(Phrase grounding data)
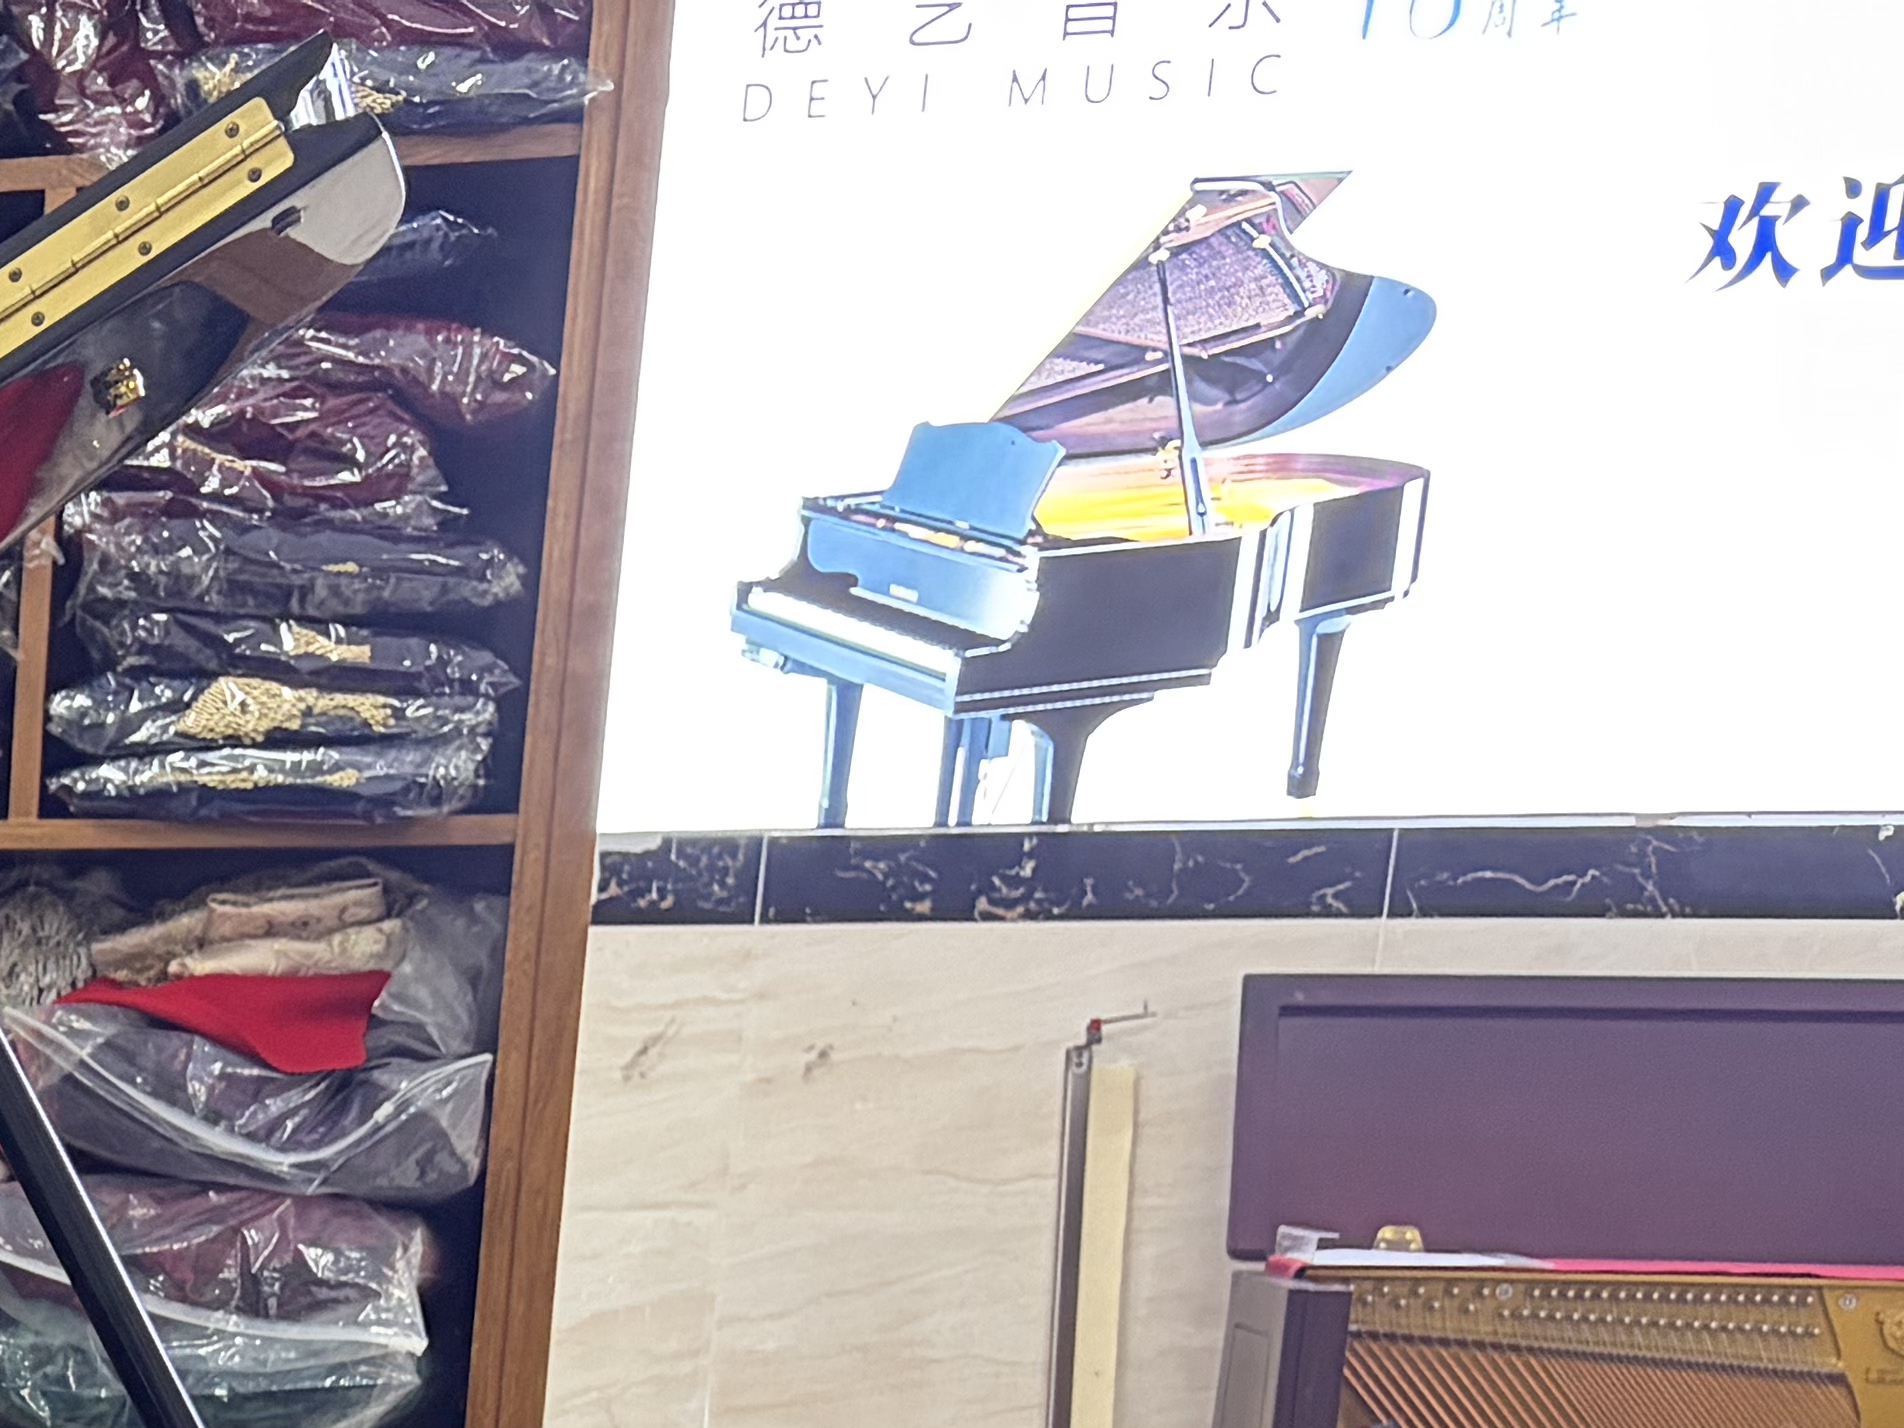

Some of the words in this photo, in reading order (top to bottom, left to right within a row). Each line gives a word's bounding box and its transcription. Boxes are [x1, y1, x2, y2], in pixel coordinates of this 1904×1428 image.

[742, 73, 930, 122] DEYI
[1008, 54, 1282, 107] MUSIC
[1683, 174, 1904, 293] 欢迎
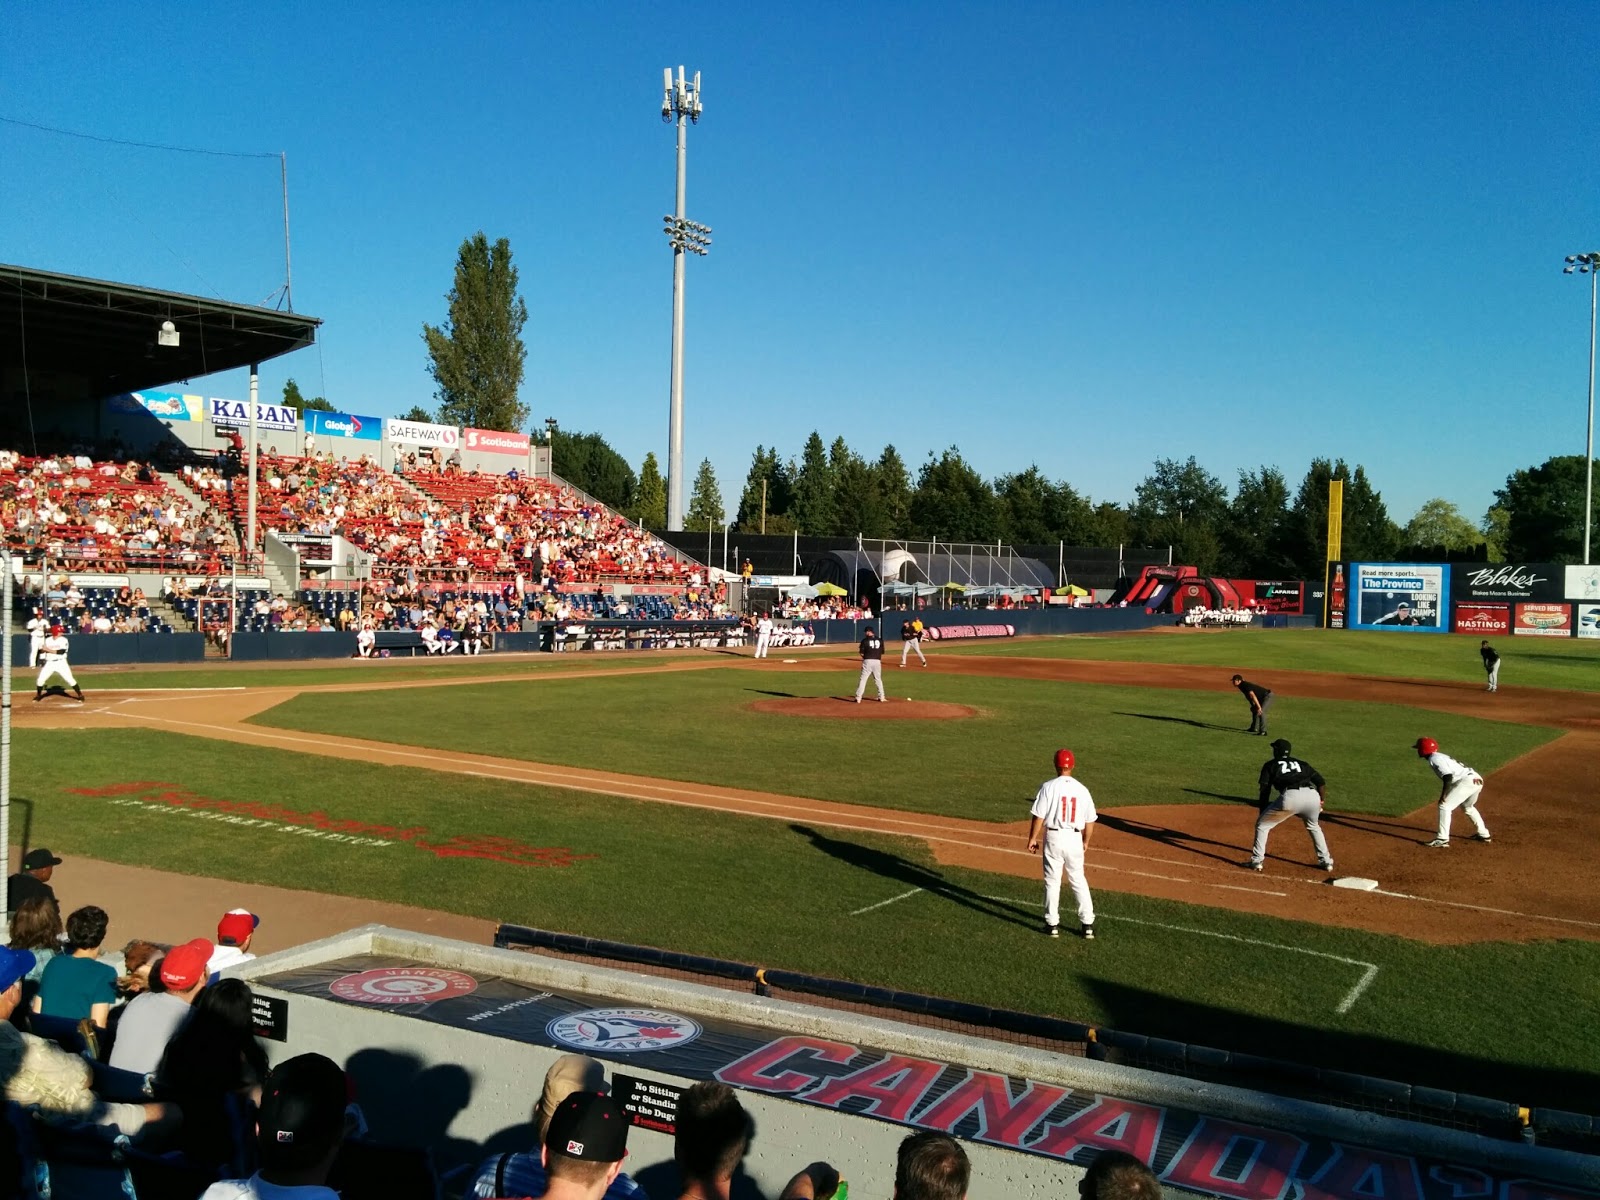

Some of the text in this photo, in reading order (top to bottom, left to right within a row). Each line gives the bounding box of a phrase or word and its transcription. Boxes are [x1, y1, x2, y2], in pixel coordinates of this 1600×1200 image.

[212, 417, 250, 426] PROTECTIV
[325, 419, 354, 431] Global
[345, 429, 354, 437] BC
[390, 424, 442, 441] SAFEWAY
[480, 436, 529, 449] Scotiabank
[1395, 570, 1417, 578] sports.
[1467, 566, 1548, 589] Blakes
[1364, 579, 1381, 588] The
[1382, 579, 1422, 589] Province
[1411, 593, 1437, 601] LOOKING
[1417, 601, 1430, 609] LIKE
[1411, 609, 1436, 617] CHAMPS
[1458, 620, 1507, 629] HASTINGS
[869, 639, 880, 649] 49
[1277, 761, 1302, 774] 24
[1061, 796, 1077, 823] 11
[337, 983, 425, 1003] CANADIANS
[586, 1010, 681, 1023] TORONTO
[556, 1023, 591, 1044] BLUE
[594, 1039, 662, 1049] JAYS
[635, 1082, 680, 1100] No Sitting
[642, 1095, 678, 1111] Standin
[638, 1105, 652, 1115] the

• [Directions for this task]
With the pictures omitted, the records above are to be repeated exactly.

• [Task result]
Some of the words in this photo, in reading order (top to bottom, left to right within a row). Each line gives a word's bounding box and its transcription. Boxes are [x1, y1, x2, y2], in pixel coordinates of this 1904×1428 image.

[742, 73, 930, 122] DEYI
[1008, 54, 1282, 107] MUSIC
[1683, 174, 1904, 293] 欢迎

Some of the text in this photo, in reading order (top to bottom, left to right within a row). Each line gives the bounding box of a phrase or word and its transcription. Boxes are [x1, y1, x2, y2], in pixel coordinates of this 1600×1200 image.

[212, 417, 250, 426] PROTECTIV
[325, 419, 354, 431] Global
[345, 429, 354, 437] BC
[390, 424, 442, 441] SAFEWAY
[480, 436, 529, 449] Scotiabank
[1395, 570, 1417, 578] sports.
[1467, 566, 1548, 589] Blakes
[1364, 579, 1381, 588] The
[1382, 579, 1422, 589] Province
[1411, 593, 1437, 601] LOOKING
[1417, 601, 1430, 609] LIKE
[1411, 609, 1436, 617] CHAMPS
[1458, 620, 1507, 629] HASTINGS
[869, 639, 880, 649] 49
[1277, 761, 1302, 774] 24
[1061, 796, 1077, 823] 11
[337, 983, 425, 1003] CANADIANS
[586, 1010, 681, 1023] TORONTO
[556, 1023, 591, 1044] BLUE
[594, 1039, 662, 1049] JAYS
[635, 1082, 680, 1100] No Sitting
[642, 1095, 678, 1111] Standin
[638, 1105, 652, 1115] the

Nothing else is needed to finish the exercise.